For the next ten years Singer barely eked out a living as a critic for the leading Yiddish newspaper, The Forward. In this period, his total income from serious literary efforts amounted to a minuscule $90 honorarium received when Satan in Goray was published in the United States in Yiddish in 1943, the same year that Singer became an American citizen.
Finally in 1945, Singer began writing The Family Moskat, which was serialized each week in The Forward. He continued writing for them, saying “I haven’t missed a week, except that I get four week’s vacation.” Translated into English. Singer’s delightful stories have appeared in Commentary, The New Yorker, and even Playboy magazine. His editor at Doubleday wrote that “Isaac Bashevis Singer is a literary figure of imposing stature. [His] prolific output of short stories, children’s books, plays, scholarly works and novels are received and embraced by an enormous and devoted audience.” In an interview, Rebecca West indicated “I regard Isaac Bashevis Singer as the greatest writer of today.”

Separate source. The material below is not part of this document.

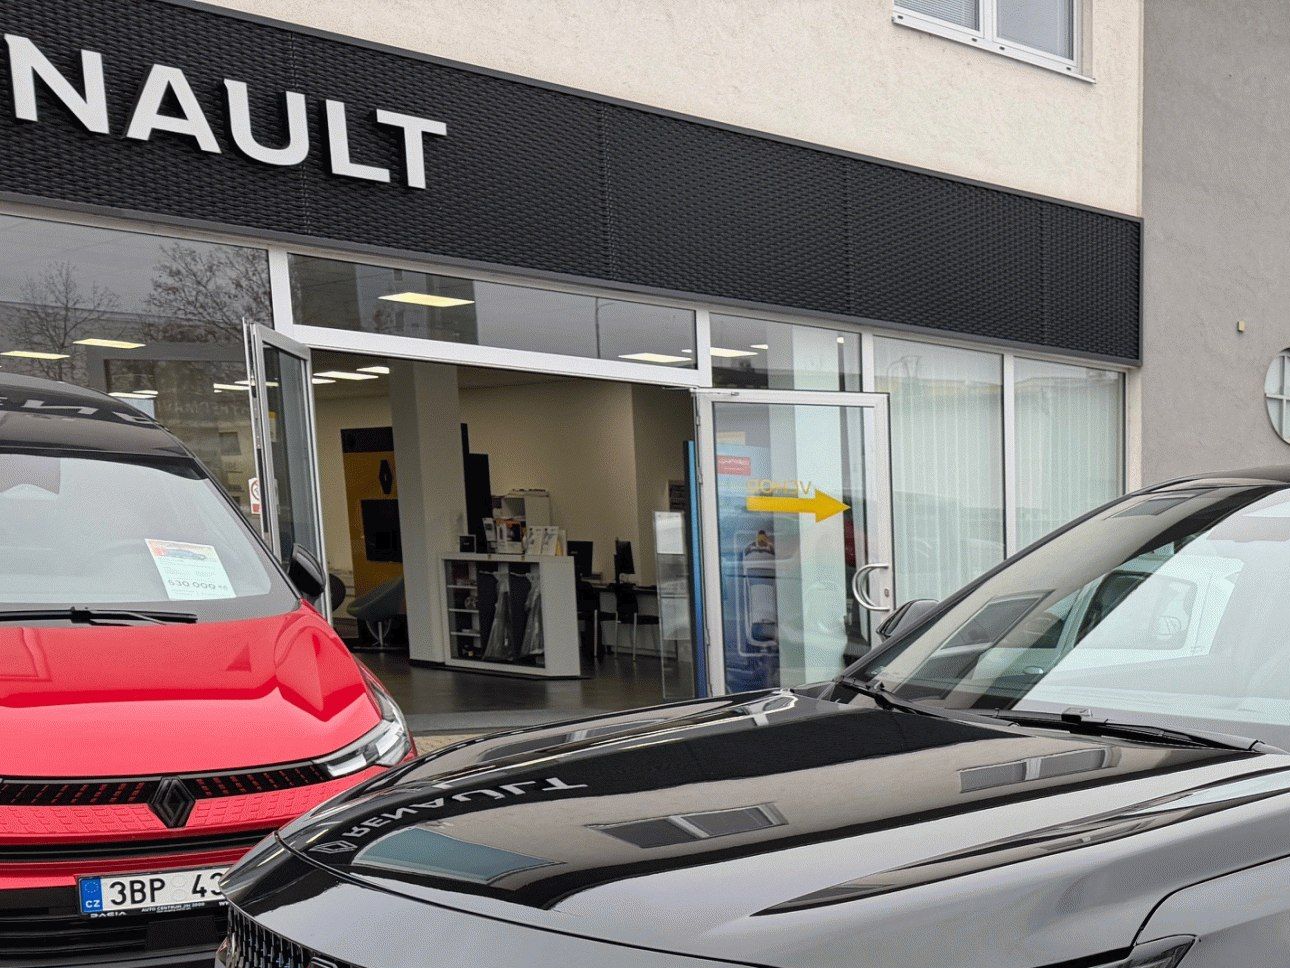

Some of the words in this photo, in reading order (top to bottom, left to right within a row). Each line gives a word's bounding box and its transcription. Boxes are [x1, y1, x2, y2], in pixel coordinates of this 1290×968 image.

[4, 33, 447, 190] NAULT
[85, 899, 100, 908] CZ
[109, 877, 166, 906] 3BP
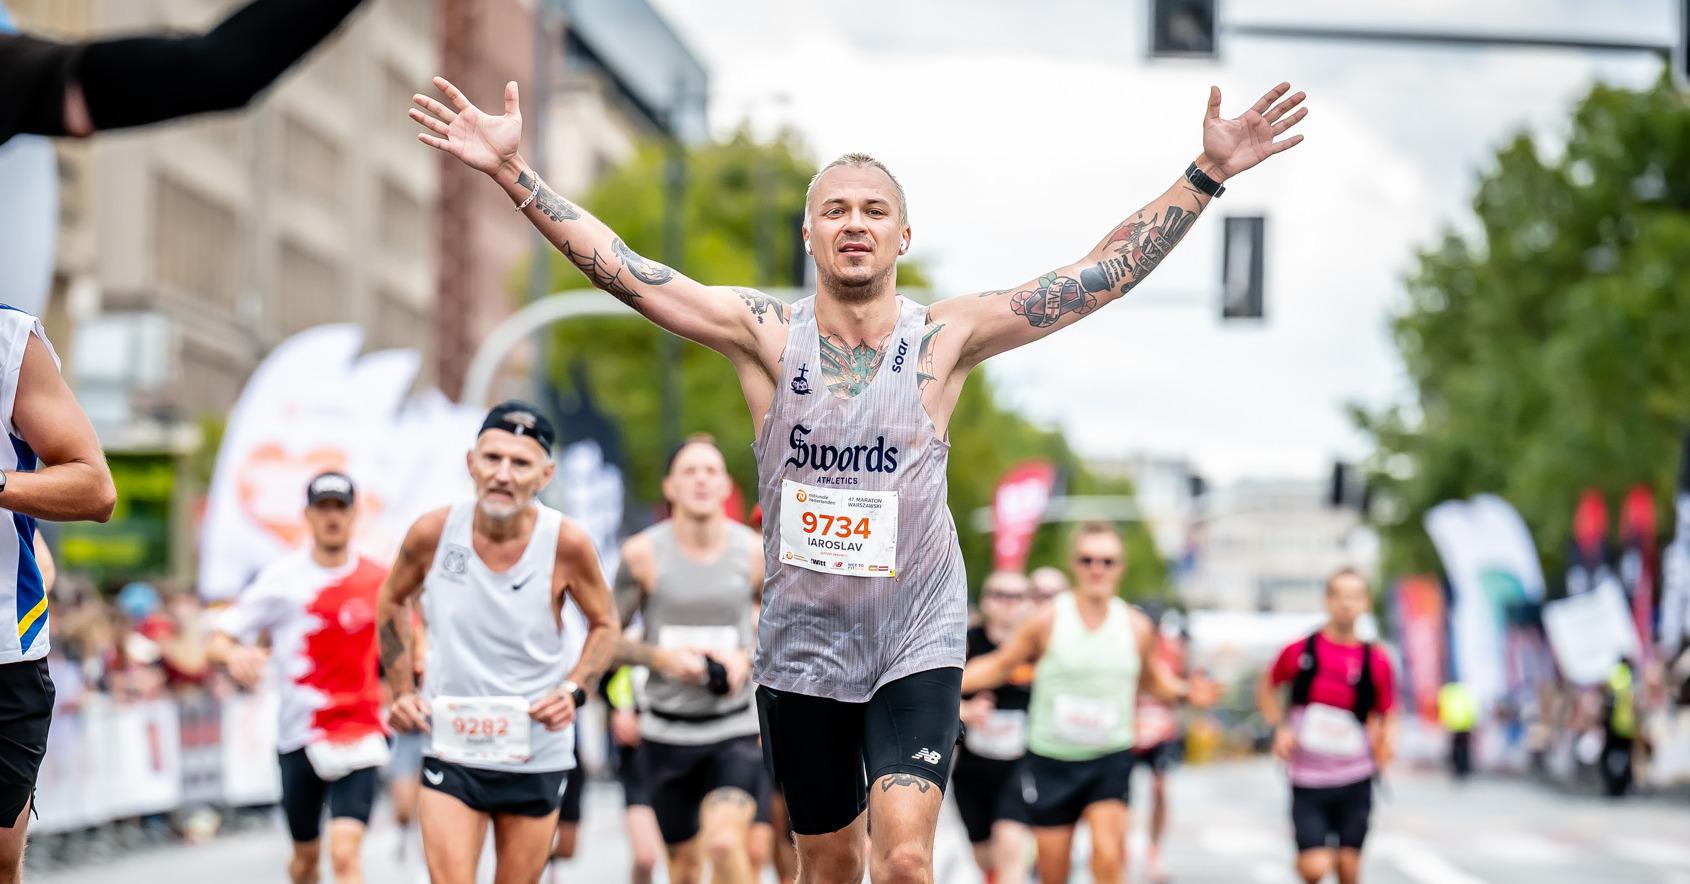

Love is a frequent theme in Singer’s writings, along with religion and the occult. His books have twice won the National Book Award, and often found their way into best seller lists. They include The Spinoza of Market Street, The Magician of Lublin, The Slave, In My Father’s Court, Passions, and Lost in America. One of Singer’s short stories, Yentl, was transformed into a major motion picture by Barbra Streisand. Success did not change him. After receiving the Nobel Prize for Literature in 1978, Isaac Bashevis Singer said: “I will still live at the same address. I will still have the same telephone number. Do you think that winning a prize can change a man’s character?”